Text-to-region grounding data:
=== Section Start ===
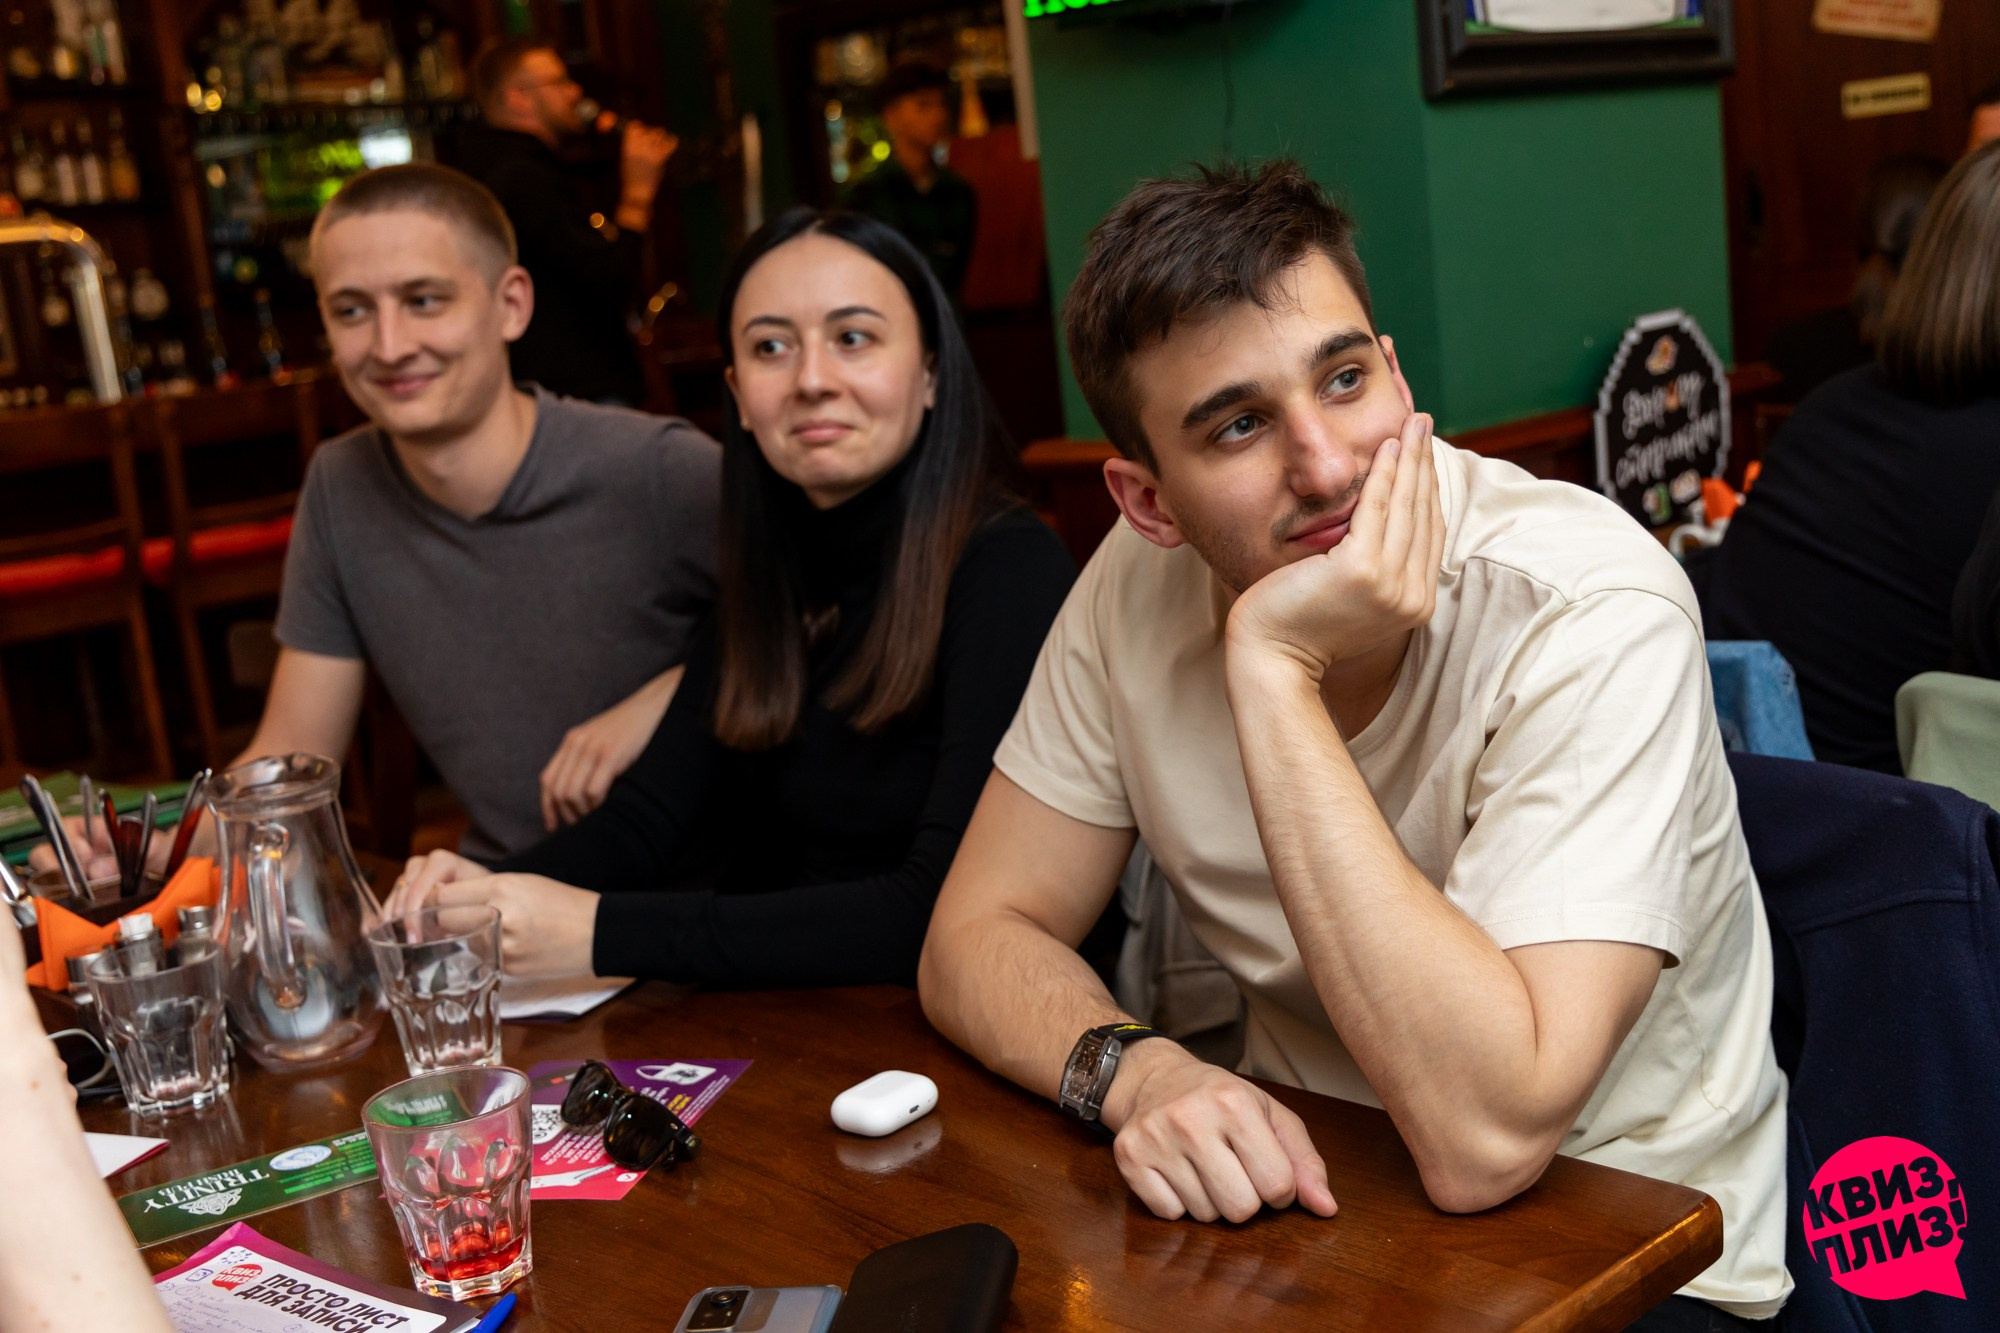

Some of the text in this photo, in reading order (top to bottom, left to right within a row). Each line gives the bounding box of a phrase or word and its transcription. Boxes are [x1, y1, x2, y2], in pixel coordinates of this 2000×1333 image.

[143, 1168, 270, 1213] TRINITY
[158, 1168, 240, 1197] IRISH PUB
[234, 1285, 291, 1308] ДЛЯ
[281, 1299, 373, 1333] ЗАПИСИ
[261, 1273, 350, 1309] ПРОСТО
[341, 1302, 410, 1329] ЛИСТ
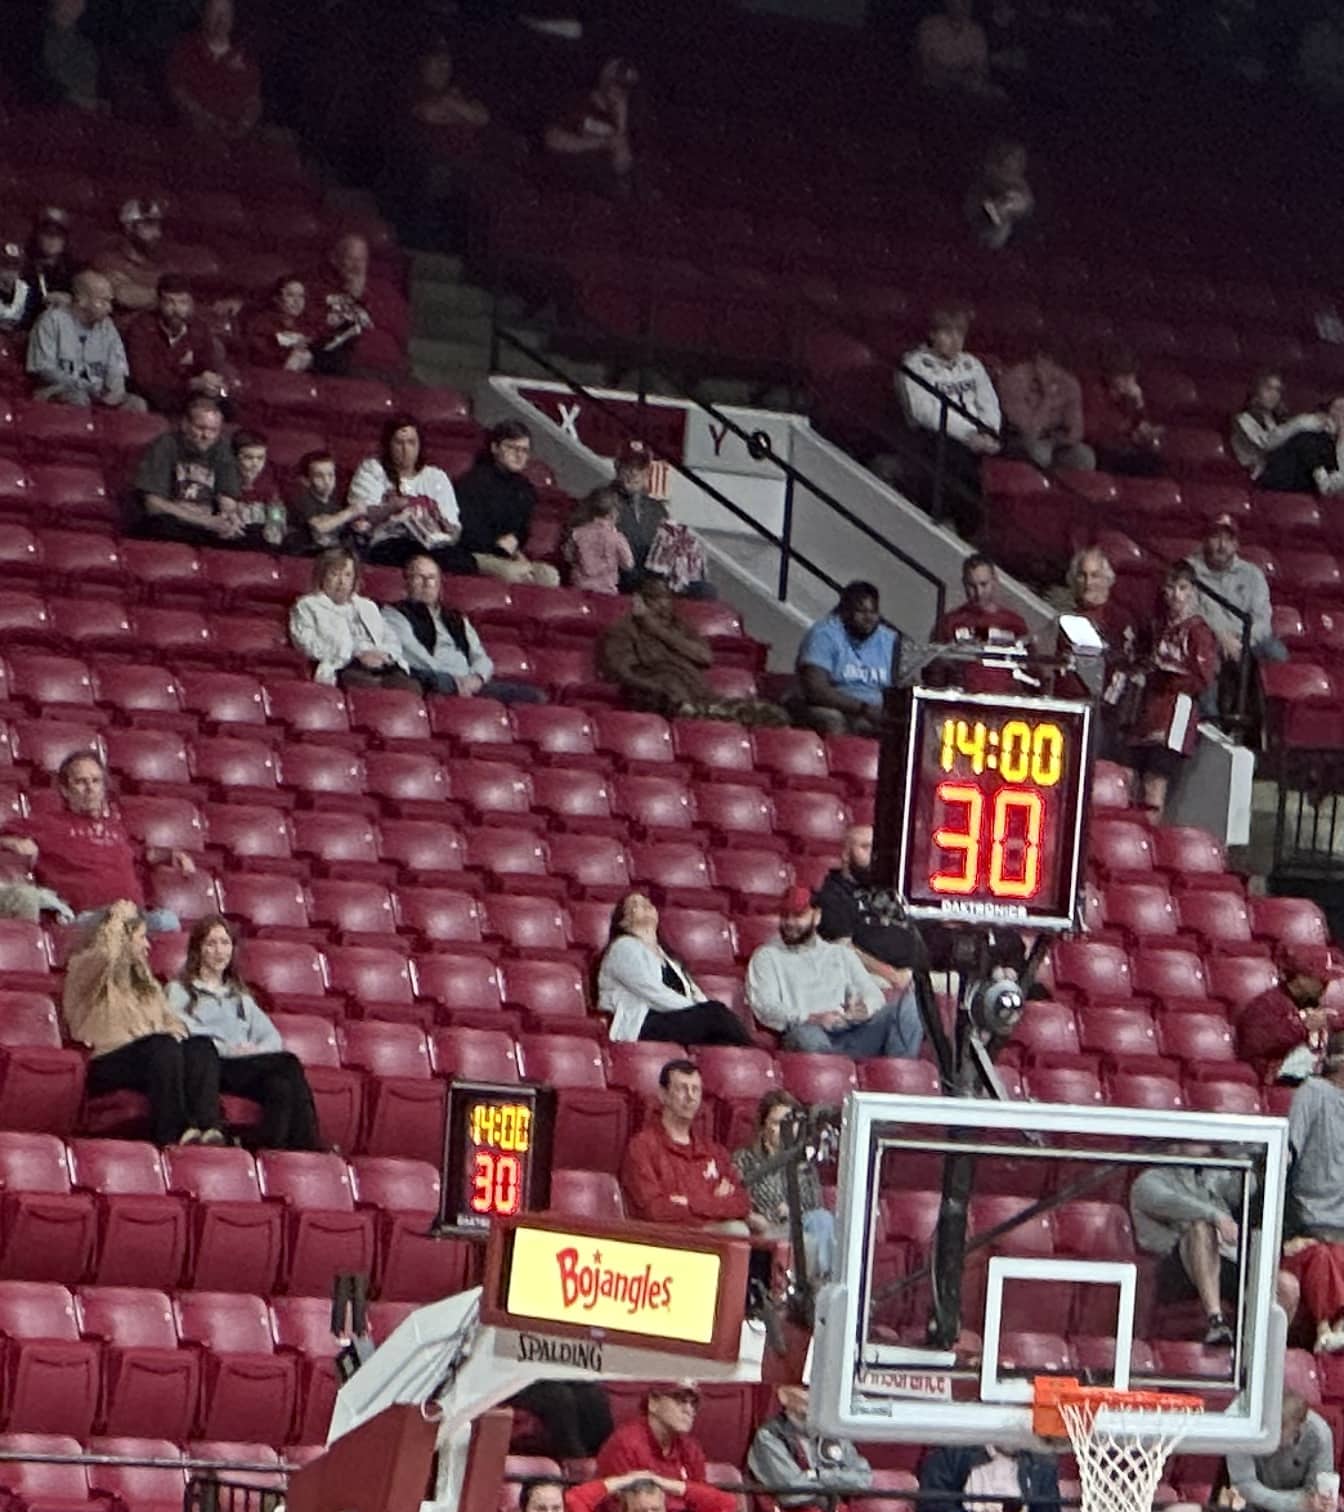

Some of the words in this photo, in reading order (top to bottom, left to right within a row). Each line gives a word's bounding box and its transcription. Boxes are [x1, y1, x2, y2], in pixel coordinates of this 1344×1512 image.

[558, 402, 581, 441] X
[709, 425, 729, 456] Y
[940, 719, 1064, 787] 14:00
[930, 781, 1047, 900] 30
[469, 1101, 531, 1153] 14:00
[471, 1151, 522, 1216] 30
[555, 1246, 674, 1316] Bojangles
[516, 1335, 603, 1373] SPALDING
=== Section End ===
Problem description: The lines from the one holding "Some of the words" to the end of the entries are to be repeated exactly, with both ends included and nothing else.

Response:
Some of the words in this photo, in reading order (top to bottom, left to right within a row). Each line gives a word's bounding box and its transcription. Boxes are [x1, y1, x2, y2], in pixel coordinates of this 1344×1512 image.

[558, 402, 581, 441] X
[709, 425, 729, 456] Y
[940, 719, 1064, 787] 14:00
[930, 781, 1047, 900] 30
[469, 1101, 531, 1153] 14:00
[471, 1151, 522, 1216] 30
[555, 1246, 674, 1316] Bojangles
[516, 1335, 603, 1373] SPALDING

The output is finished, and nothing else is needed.